ACTION ITEM. Please give the entries again in full and exactly, without any picture.

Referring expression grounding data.
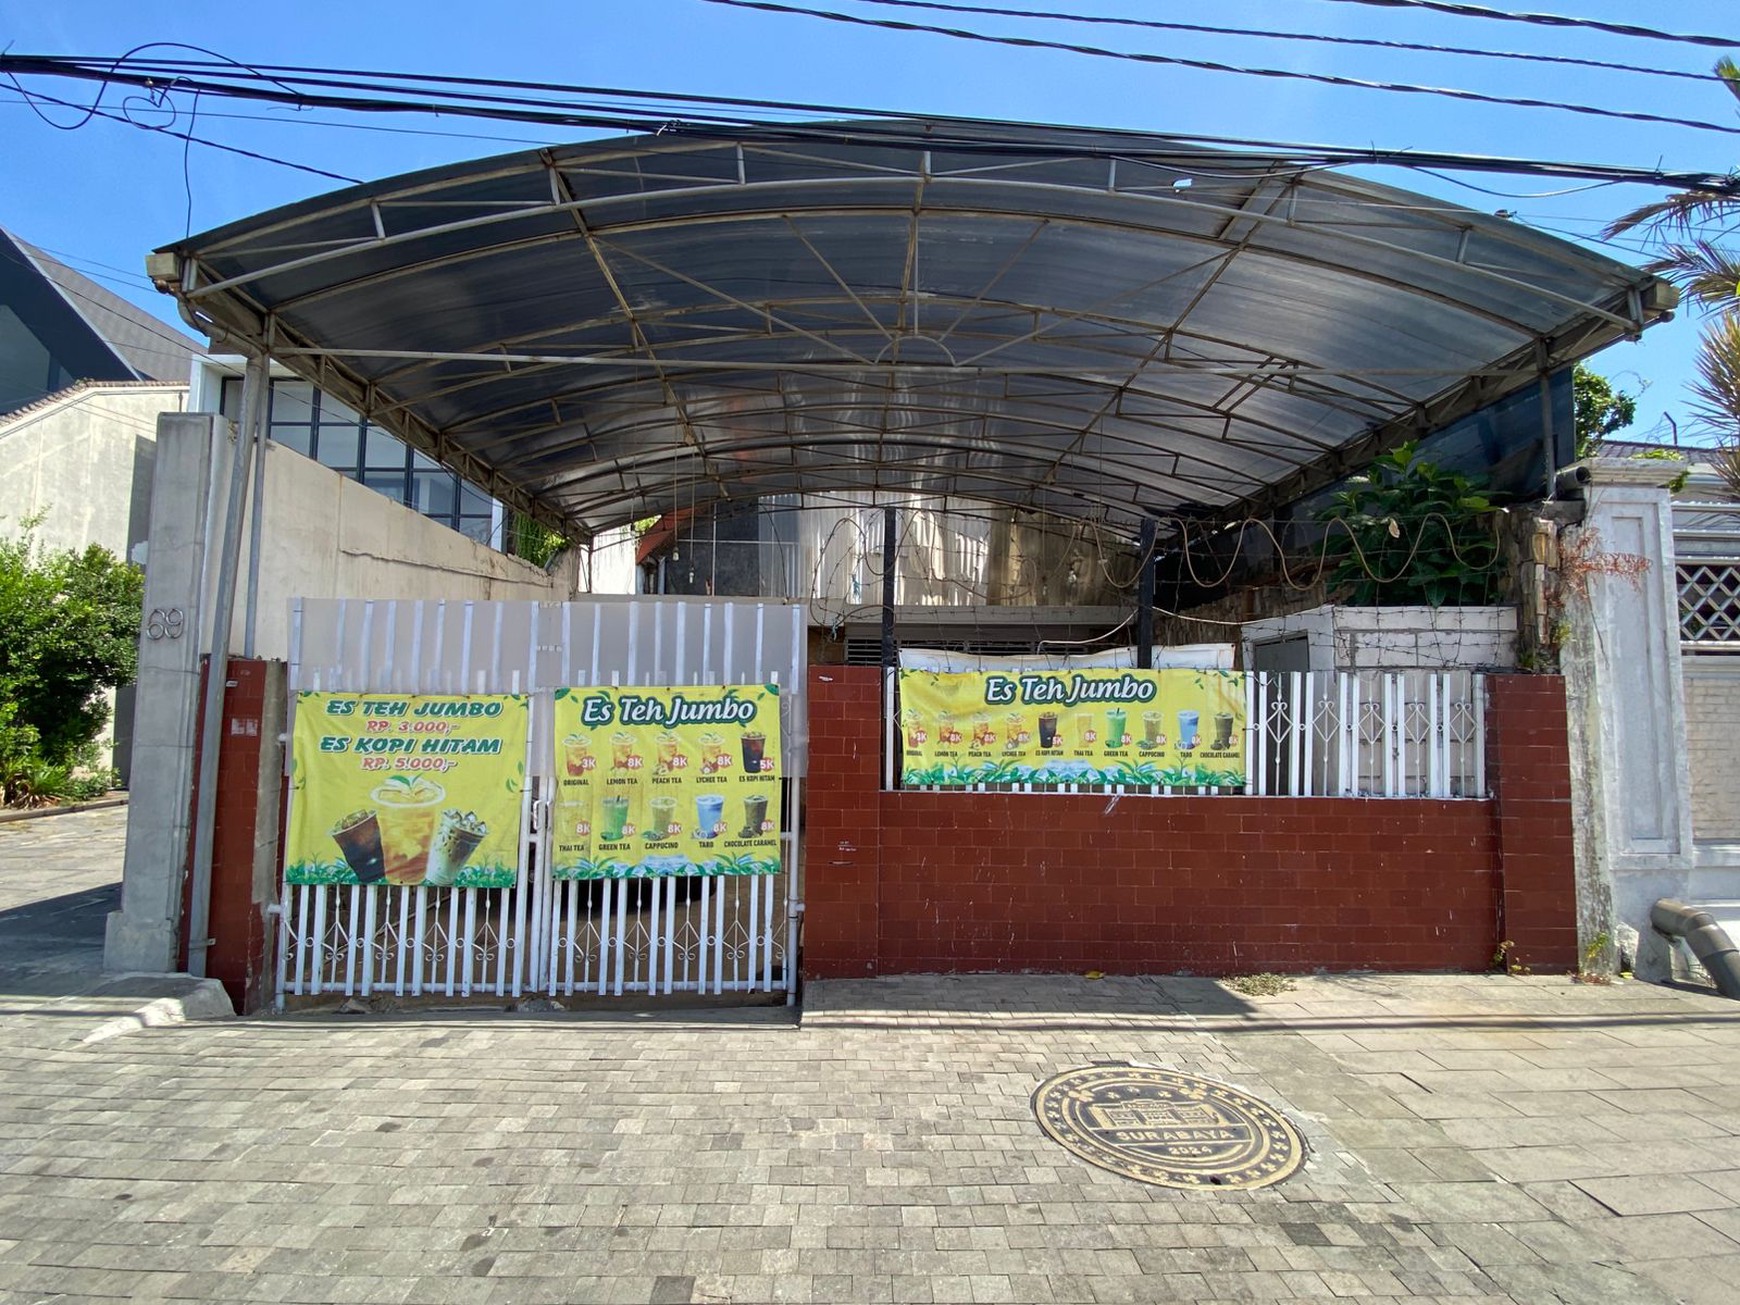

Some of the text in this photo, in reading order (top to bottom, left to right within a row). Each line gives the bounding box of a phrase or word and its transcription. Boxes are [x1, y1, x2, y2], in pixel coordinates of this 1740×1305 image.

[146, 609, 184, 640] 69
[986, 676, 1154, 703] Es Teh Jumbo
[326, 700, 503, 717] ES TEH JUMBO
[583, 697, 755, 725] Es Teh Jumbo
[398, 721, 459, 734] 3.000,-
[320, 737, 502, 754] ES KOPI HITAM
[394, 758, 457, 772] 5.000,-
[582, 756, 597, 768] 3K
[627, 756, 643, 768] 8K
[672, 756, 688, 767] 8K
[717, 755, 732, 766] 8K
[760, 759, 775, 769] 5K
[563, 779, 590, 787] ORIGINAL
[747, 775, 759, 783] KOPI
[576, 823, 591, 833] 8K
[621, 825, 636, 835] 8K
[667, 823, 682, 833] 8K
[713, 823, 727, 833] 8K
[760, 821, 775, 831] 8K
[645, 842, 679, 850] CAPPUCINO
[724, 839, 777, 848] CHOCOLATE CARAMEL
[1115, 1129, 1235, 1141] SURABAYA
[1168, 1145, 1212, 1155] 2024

OUTPUT OF THE EXERCISE.
Some of the text in this photo, in reading order (top to bottom, left to right within a row). Each line gives the bounding box of a phrase or word and its transcription. Boxes are [x1, y1, x2, y2], in pixel coordinates of this 1740×1305 image.

[146, 609, 184, 640] 69
[986, 676, 1154, 703] Es Teh Jumbo
[326, 700, 503, 717] ES TEH JUMBO
[583, 697, 755, 725] Es Teh Jumbo
[398, 721, 459, 734] 3.000,-
[320, 737, 502, 754] ES KOPI HITAM
[394, 758, 457, 772] 5.000,-
[582, 756, 597, 768] 3K
[627, 756, 643, 768] 8K
[672, 756, 688, 767] 8K
[717, 755, 732, 766] 8K
[760, 759, 775, 769] 5K
[563, 779, 590, 787] ORIGINAL
[747, 775, 759, 783] KOPI
[576, 823, 591, 833] 8K
[621, 825, 636, 835] 8K
[667, 823, 682, 833] 8K
[713, 823, 727, 833] 8K
[760, 821, 775, 831] 8K
[645, 842, 679, 850] CAPPUCINO
[724, 839, 777, 848] CHOCOLATE CARAMEL
[1115, 1129, 1235, 1141] SURABAYA
[1168, 1145, 1212, 1155] 2024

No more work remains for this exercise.